OPINION: In the days before Christmas, one of New Zealand's busiest gateways, Ports of Auckland (POA), was beset by industrial stoppages. The Maritime Union, which has so far mounted four 48-hour strikes, has vowed to strike again next week.
It is so long since the waterfront has been held to ransom like this that the disruption has made headlines and, in newspaper advertisements, POA chief executive Tony Gibson has apologised to customers while also detailing the terms of his latest offer, "the ninth since negotiations began". They include a 10 per cent increase in the hourly rate, performance bonuses of up to 20 per cent, retention of existing benefits and provisions, and "full operational flexibility for Ports of Auckland". No doubt the last is causing unionists most angst. It would allow port management, not them, to manage the business.

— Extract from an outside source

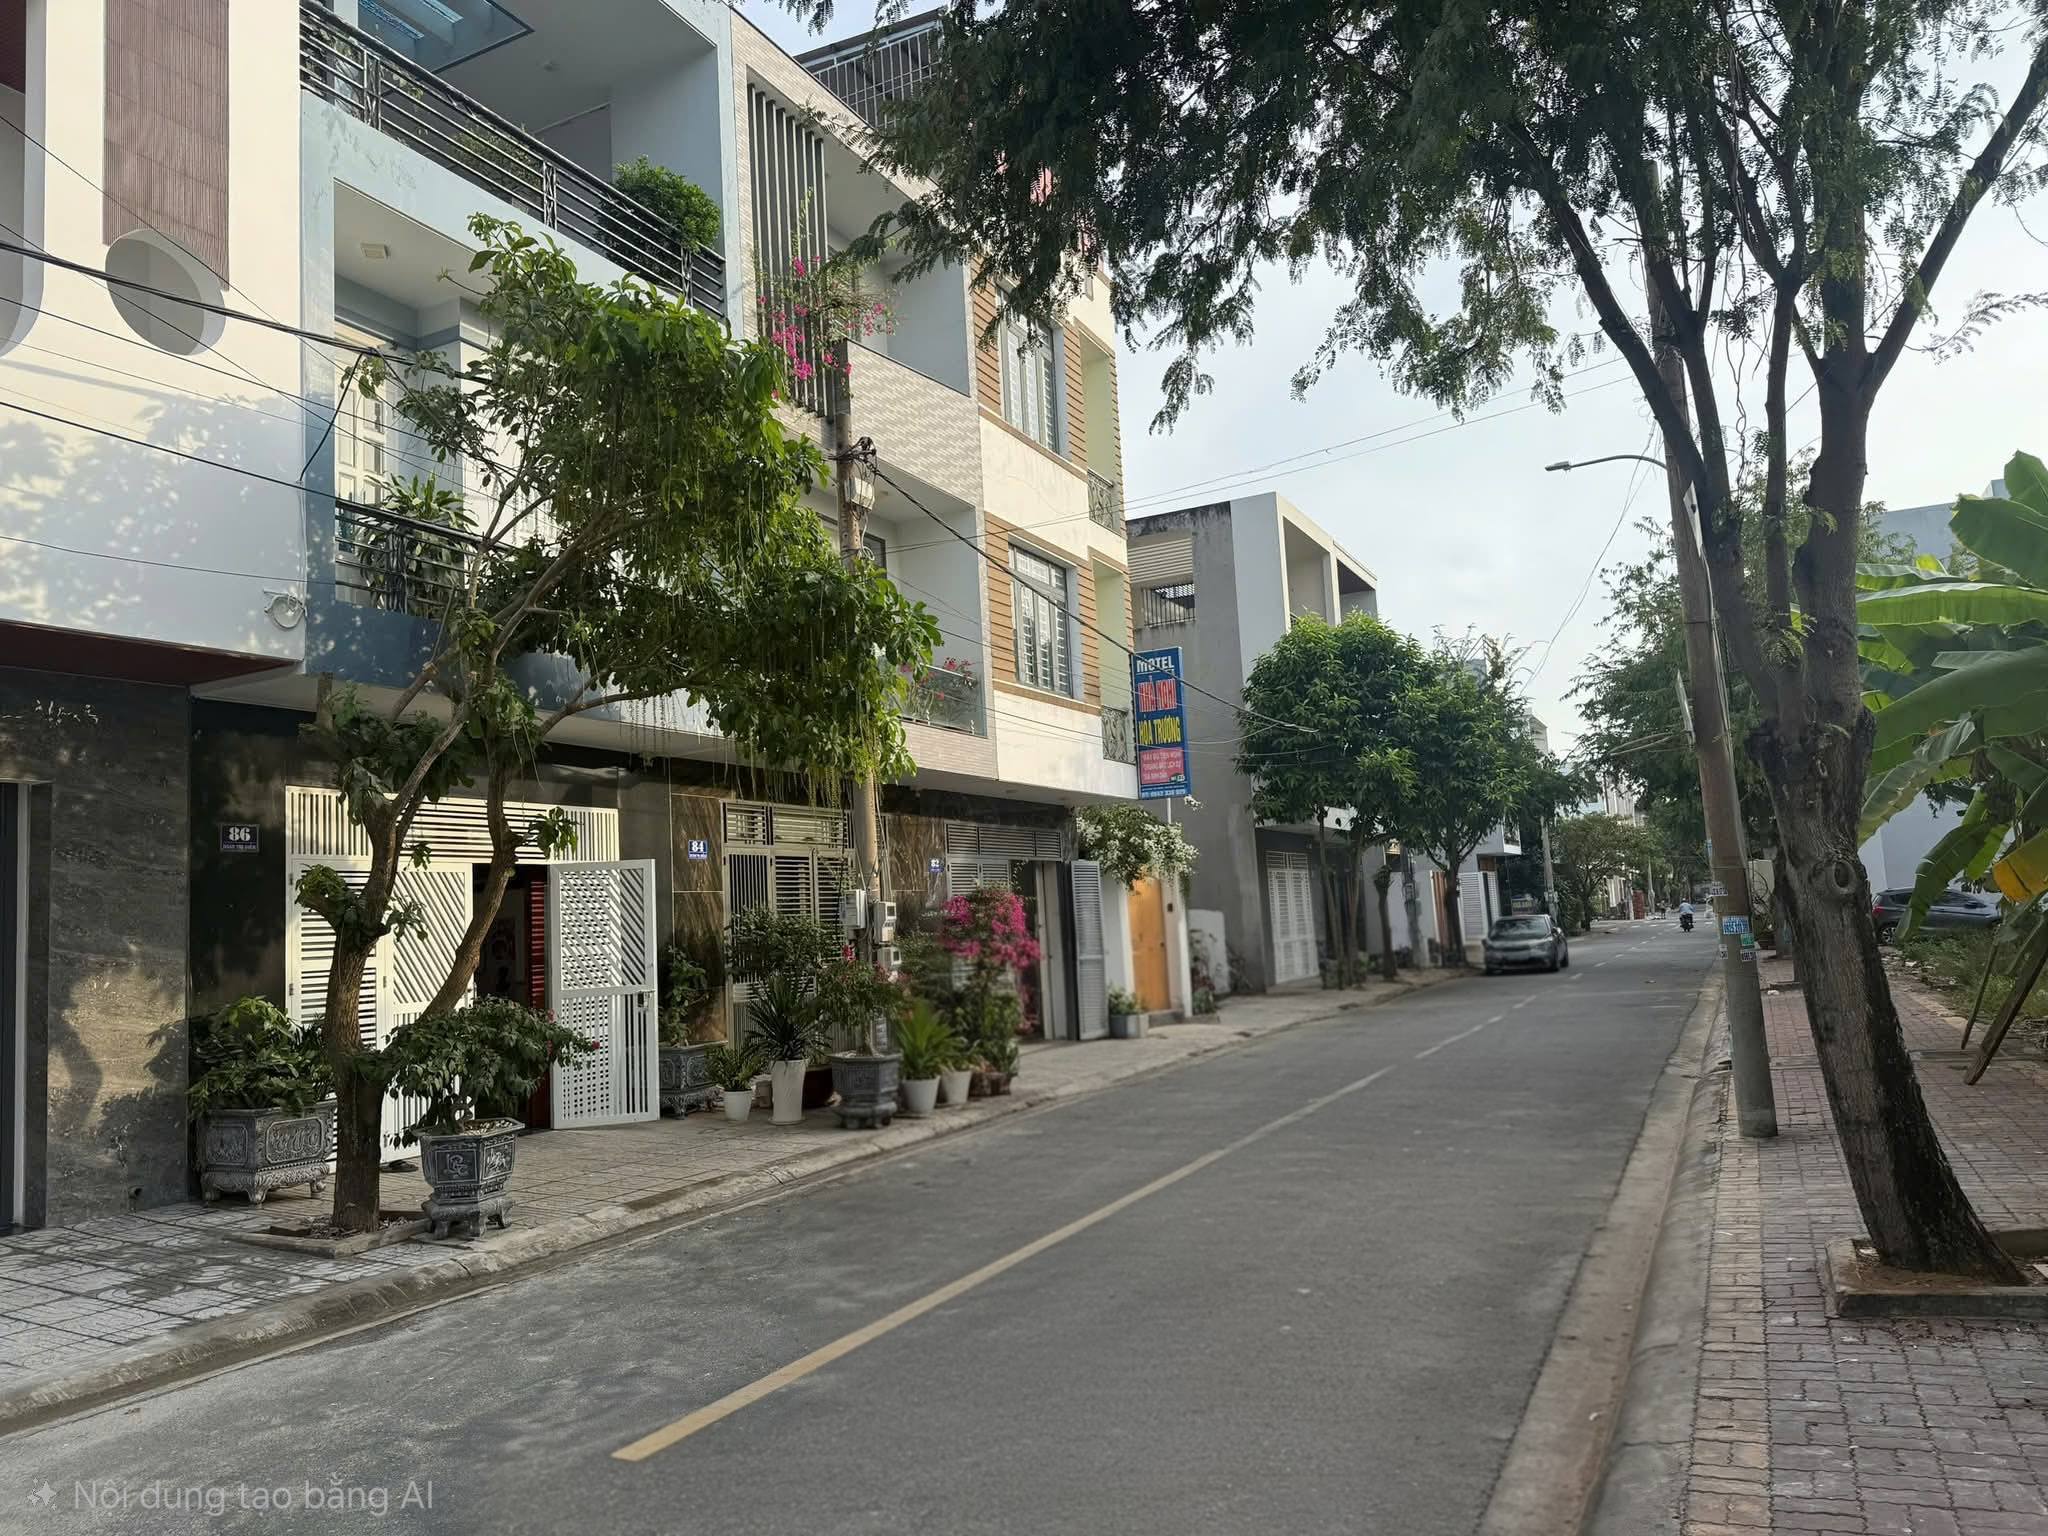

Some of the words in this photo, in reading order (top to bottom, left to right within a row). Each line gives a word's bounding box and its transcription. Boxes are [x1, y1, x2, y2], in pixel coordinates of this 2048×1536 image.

[1136, 656, 1175, 672] MOTEL
[229, 826, 250, 841] 86
[692, 841, 704, 852] 84

The problem has echoes of last year's Qantas kerfuffle, during which chief executive Alan Joyce took the astonishing step of grounding the fleet worldwide after he and the board could not get the unions involved - including well-paid pilots - to acknowledge the challenges facing international airlines.

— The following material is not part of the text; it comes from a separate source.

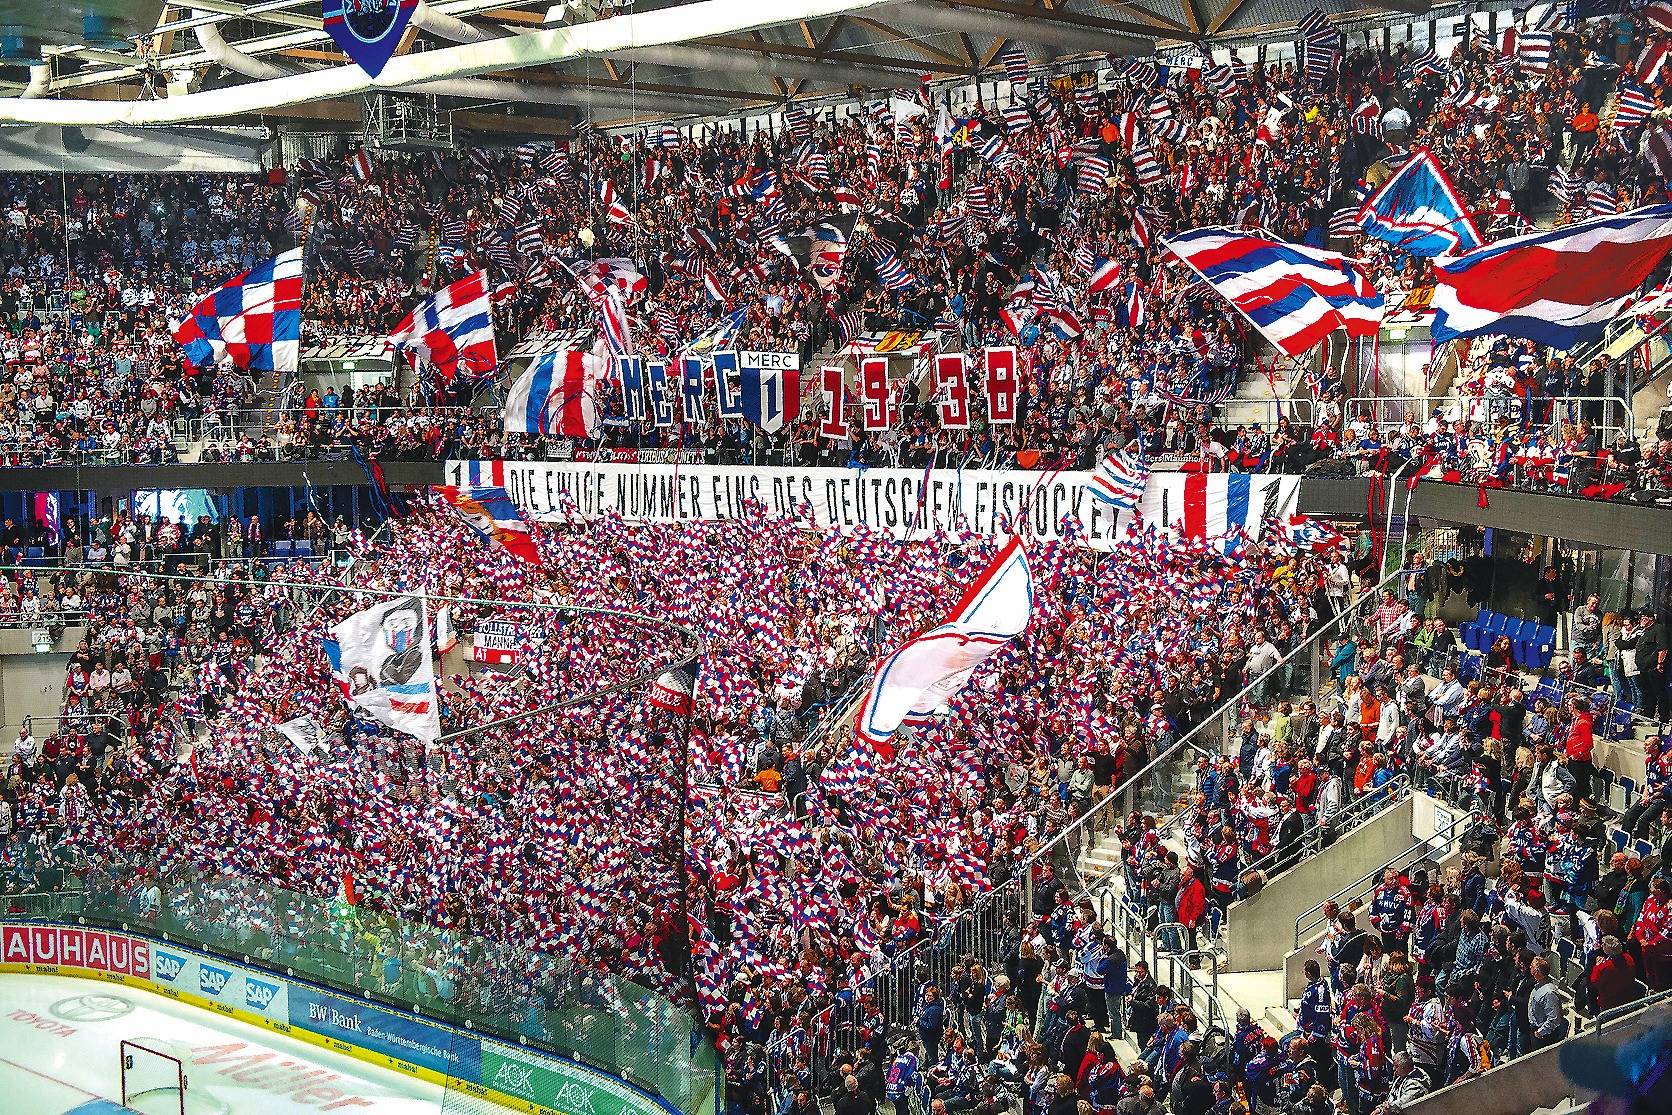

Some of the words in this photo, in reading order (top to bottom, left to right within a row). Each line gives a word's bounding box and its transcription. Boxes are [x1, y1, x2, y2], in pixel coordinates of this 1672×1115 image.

In these times, the POA offer looks generous. The average annual wage of an Auckland wharfie is about $91,480 - reportedly for a 26-hour week, employees and their families get free medical insurance, and three weeks sick leave entitlement is written into contracts. They also get five weeks annual leave.
The Productivity Commission last year embarked on an inquiry into international freight transport services, which includes sea ports as well as airports. It must report to the Government by April. One question it has posed is to what extent "inflexible labour practices and difficulties in employer-union relationships" remain an obstacle to improving efficiency and productivity at ports. It is not too hard to imagine that because POA is wholly owned by a left-wing council, its owners have no appetite for an overdue stoush with their trade union friends. The same might be true elsewhere.
Other commission questions also go to the operational heart of the ports business. It asks, for example, what impact local authority ownership of majority stakes in commercial ports has had on the development of a more efficient and productive port sector. CentrePort, for one, seems to be as much a property-development company as it is an enterprise based on imports and exports, though neither owner - Greater Wellington regional council and the Palmerston North-Wanganui equivalent - seems to care. Their ratepayers should.
Though it is mildly diverting to watch from this distance a rerun of 1970 and 80s waterfront strikes in the north, the commission spells out just how inflated freight costs - whatever their cause - increase the price that New Zealanders pay for imported goods, as well as lower the price paid to exporters for their goods. Has the commission the courage to recommend root-and-branch reform? And if it does, will new Transport Minister Gerry Brownlee have the courage to act on it? All Kiwis should hope so.